■ **TASK**
Drop the pictures and restate the rest of the listing word for word.
=== Begin Enclosure ===
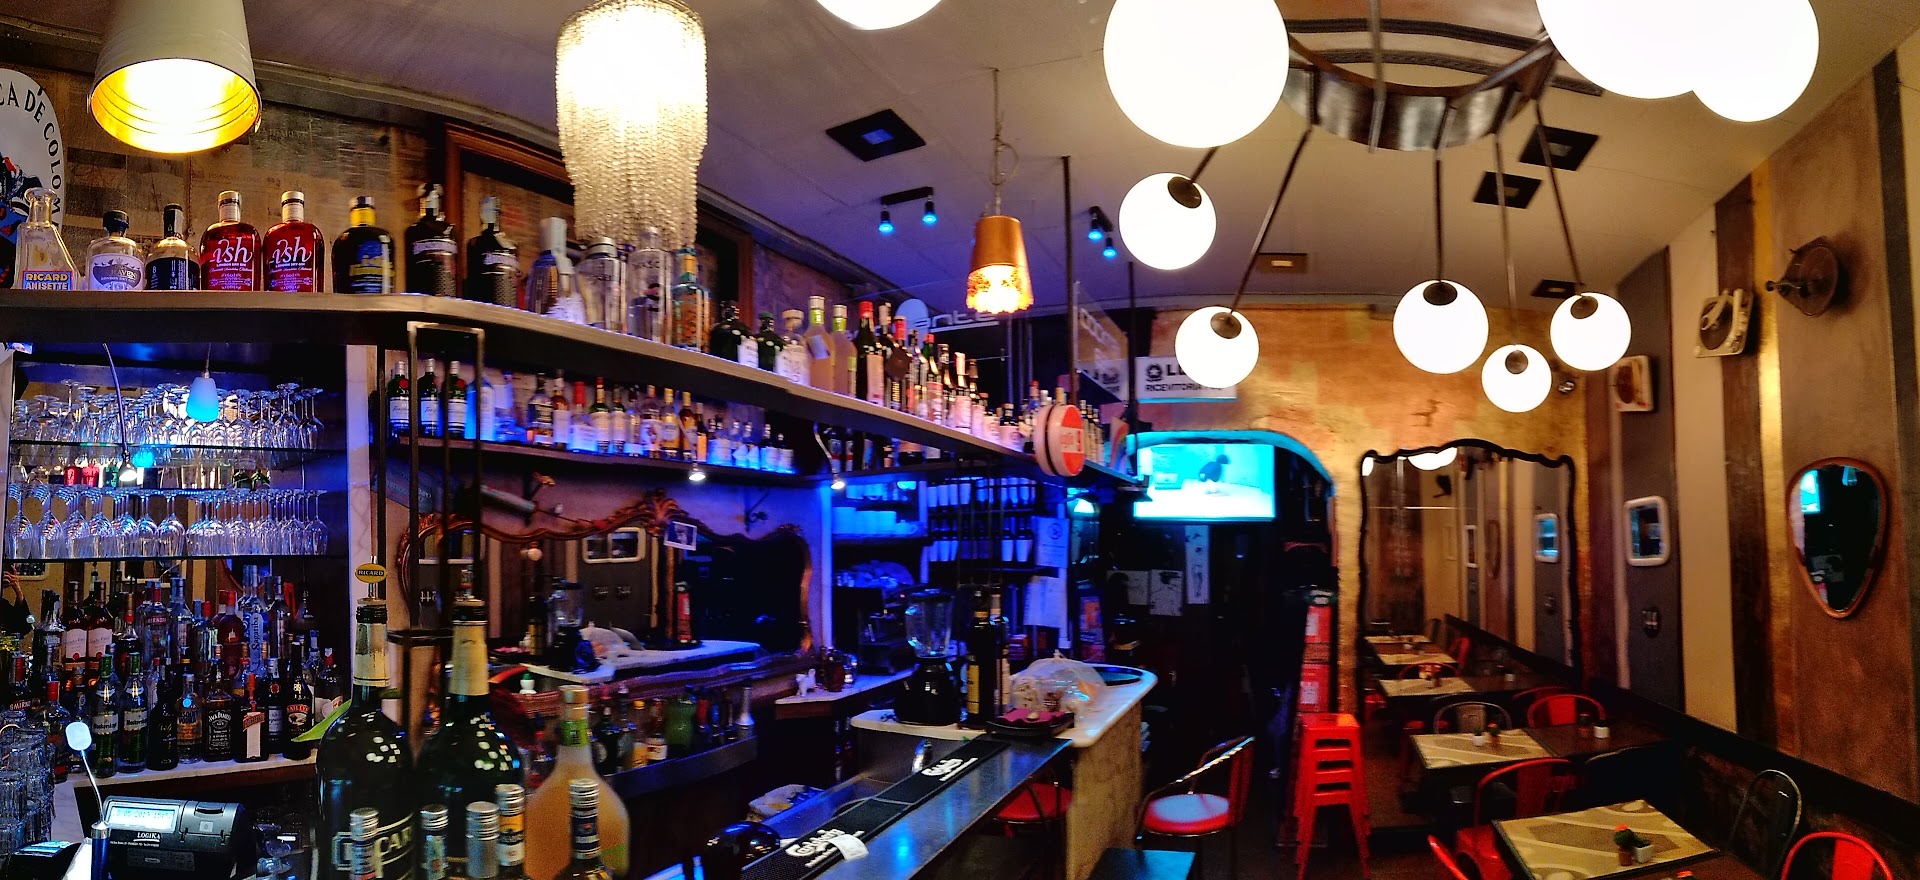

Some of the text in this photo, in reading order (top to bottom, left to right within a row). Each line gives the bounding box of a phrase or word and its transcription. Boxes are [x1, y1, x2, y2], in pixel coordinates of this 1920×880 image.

[25, 88, 46, 123] DE
[43, 121, 62, 228] COLOM
[210, 236, 253, 263] ish
[269, 236, 312, 263] ish
[26, 273, 69, 281] RICARD
[26, 281, 68, 290] ANISETTE
=== End Enclosure ===
■ **RESPONSE**
Some of the text in this photo, in reading order (top to bottom, left to right within a row). Each line gives the bounding box of a phrase or word and its transcription. Boxes are [x1, y1, x2, y2], in pixel coordinates of this 1920×880 image.

[25, 88, 46, 123] DE
[43, 121, 62, 228] COLOM
[210, 236, 253, 263] ish
[269, 236, 312, 263] ish
[26, 273, 69, 281] RICARD
[26, 281, 68, 290] ANISETTE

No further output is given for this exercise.